▶ AIM OF THE EXERCISE:
Output the full listing exactly.

▶ DATASET CONTENT:
•••••

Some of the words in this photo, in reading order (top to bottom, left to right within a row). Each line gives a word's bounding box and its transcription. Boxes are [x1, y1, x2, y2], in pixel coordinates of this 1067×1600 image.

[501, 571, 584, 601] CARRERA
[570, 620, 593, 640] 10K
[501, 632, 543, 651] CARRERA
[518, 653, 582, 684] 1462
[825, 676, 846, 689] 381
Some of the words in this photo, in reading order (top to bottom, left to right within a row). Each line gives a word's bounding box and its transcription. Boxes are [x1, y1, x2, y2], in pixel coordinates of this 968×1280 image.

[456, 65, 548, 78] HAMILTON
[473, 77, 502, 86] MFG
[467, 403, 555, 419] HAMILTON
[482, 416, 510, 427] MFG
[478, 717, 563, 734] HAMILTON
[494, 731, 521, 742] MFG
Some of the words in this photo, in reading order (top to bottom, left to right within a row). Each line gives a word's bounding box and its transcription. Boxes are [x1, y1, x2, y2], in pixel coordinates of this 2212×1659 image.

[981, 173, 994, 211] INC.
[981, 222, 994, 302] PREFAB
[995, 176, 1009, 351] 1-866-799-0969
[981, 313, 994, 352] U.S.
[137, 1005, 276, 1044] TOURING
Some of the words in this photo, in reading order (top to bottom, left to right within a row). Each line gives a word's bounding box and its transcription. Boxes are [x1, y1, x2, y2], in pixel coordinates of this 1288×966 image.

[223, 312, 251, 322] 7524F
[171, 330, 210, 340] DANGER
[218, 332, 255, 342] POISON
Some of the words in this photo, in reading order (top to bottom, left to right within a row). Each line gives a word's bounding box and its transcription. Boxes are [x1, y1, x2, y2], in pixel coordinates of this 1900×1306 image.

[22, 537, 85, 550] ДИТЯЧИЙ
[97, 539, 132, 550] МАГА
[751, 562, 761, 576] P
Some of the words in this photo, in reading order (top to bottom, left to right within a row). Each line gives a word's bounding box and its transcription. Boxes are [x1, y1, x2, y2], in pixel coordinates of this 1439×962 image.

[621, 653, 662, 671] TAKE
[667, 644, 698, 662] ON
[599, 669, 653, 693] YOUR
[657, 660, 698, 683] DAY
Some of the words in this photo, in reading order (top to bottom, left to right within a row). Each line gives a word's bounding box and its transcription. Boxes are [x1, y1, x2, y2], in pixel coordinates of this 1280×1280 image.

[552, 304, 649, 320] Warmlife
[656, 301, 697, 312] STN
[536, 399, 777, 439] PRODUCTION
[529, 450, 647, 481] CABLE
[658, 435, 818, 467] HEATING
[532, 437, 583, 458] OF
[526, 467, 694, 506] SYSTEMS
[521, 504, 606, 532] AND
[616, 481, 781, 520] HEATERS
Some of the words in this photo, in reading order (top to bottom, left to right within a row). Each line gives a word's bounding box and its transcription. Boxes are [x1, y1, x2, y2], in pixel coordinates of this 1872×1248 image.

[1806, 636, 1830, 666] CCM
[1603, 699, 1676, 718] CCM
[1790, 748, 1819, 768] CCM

•••••

▶ COMPLETED EXERCISE:
Some of the words in this photo, in reading order (top to bottom, left to right within a row). Each line gives a word's bounding box and its transcription. Boxes are [x1, y1, x2, y2], in pixel coordinates of this 1067×1600 image.

[501, 571, 584, 601] CARRERA
[570, 620, 593, 640] 10K
[501, 632, 543, 651] CARRERA
[518, 653, 582, 684] 1462
[825, 676, 846, 689] 381
Some of the words in this photo, in reading order (top to bottom, left to right within a row). Each line gives a word's bounding box and its transcription. Boxes are [x1, y1, x2, y2], in pixel coordinates of this 968×1280 image.

[456, 65, 548, 78] HAMILTON
[473, 77, 502, 86] MFG
[467, 403, 555, 419] HAMILTON
[482, 416, 510, 427] MFG
[478, 717, 563, 734] HAMILTON
[494, 731, 521, 742] MFG
Some of the words in this photo, in reading order (top to bottom, left to right within a row). Each line gives a word's bounding box and its transcription. Boxes are [x1, y1, x2, y2], in pixel coordinates of this 2212×1659 image.

[981, 173, 994, 211] INC.
[981, 222, 994, 302] PREFAB
[995, 176, 1009, 351] 1-866-799-0969
[981, 313, 994, 352] U.S.
[137, 1005, 276, 1044] TOURING
Some of the words in this photo, in reading order (top to bottom, left to right within a row). Each line gives a word's bounding box and its transcription. Boxes are [x1, y1, x2, y2], in pixel coordinates of this 1288×966 image.

[223, 312, 251, 322] 7524F
[171, 330, 210, 340] DANGER
[218, 332, 255, 342] POISON
Some of the words in this photo, in reading order (top to bottom, left to right within a row). Each line gives a word's bounding box and its transcription. Boxes are [x1, y1, x2, y2], in pixel coordinates of this 1900×1306 image.

[22, 537, 85, 550] ДИТЯЧИЙ
[97, 539, 132, 550] МАГА
[751, 562, 761, 576] P
Some of the words in this photo, in reading order (top to bottom, left to right within a row). Each line gives a word's bounding box and its transcription. Boxes are [x1, y1, x2, y2], in pixel coordinates of this 1439×962 image.

[621, 653, 662, 671] TAKE
[667, 644, 698, 662] ON
[599, 669, 653, 693] YOUR
[657, 660, 698, 683] DAY
Some of the words in this photo, in reading order (top to bottom, left to right within a row). Each line gives a word's bounding box and its transcription. Boxes are [x1, y1, x2, y2], in pixel coordinates of this 1280×1280 image.

[552, 304, 649, 320] Warmlife
[656, 301, 697, 312] STN
[536, 399, 777, 439] PRODUCTION
[529, 450, 647, 481] CABLE
[658, 435, 818, 467] HEATING
[532, 437, 583, 458] OF
[526, 467, 694, 506] SYSTEMS
[521, 504, 606, 532] AND
[616, 481, 781, 520] HEATERS
Some of the words in this photo, in reading order (top to bottom, left to right within a row). Each line gives a word's bounding box and its transcription. Boxes are [x1, y1, x2, y2], in pixel coordinates of this 1872×1248 image.

[1806, 636, 1830, 666] CCM
[1603, 699, 1676, 718] CCM
[1790, 748, 1819, 768] CCM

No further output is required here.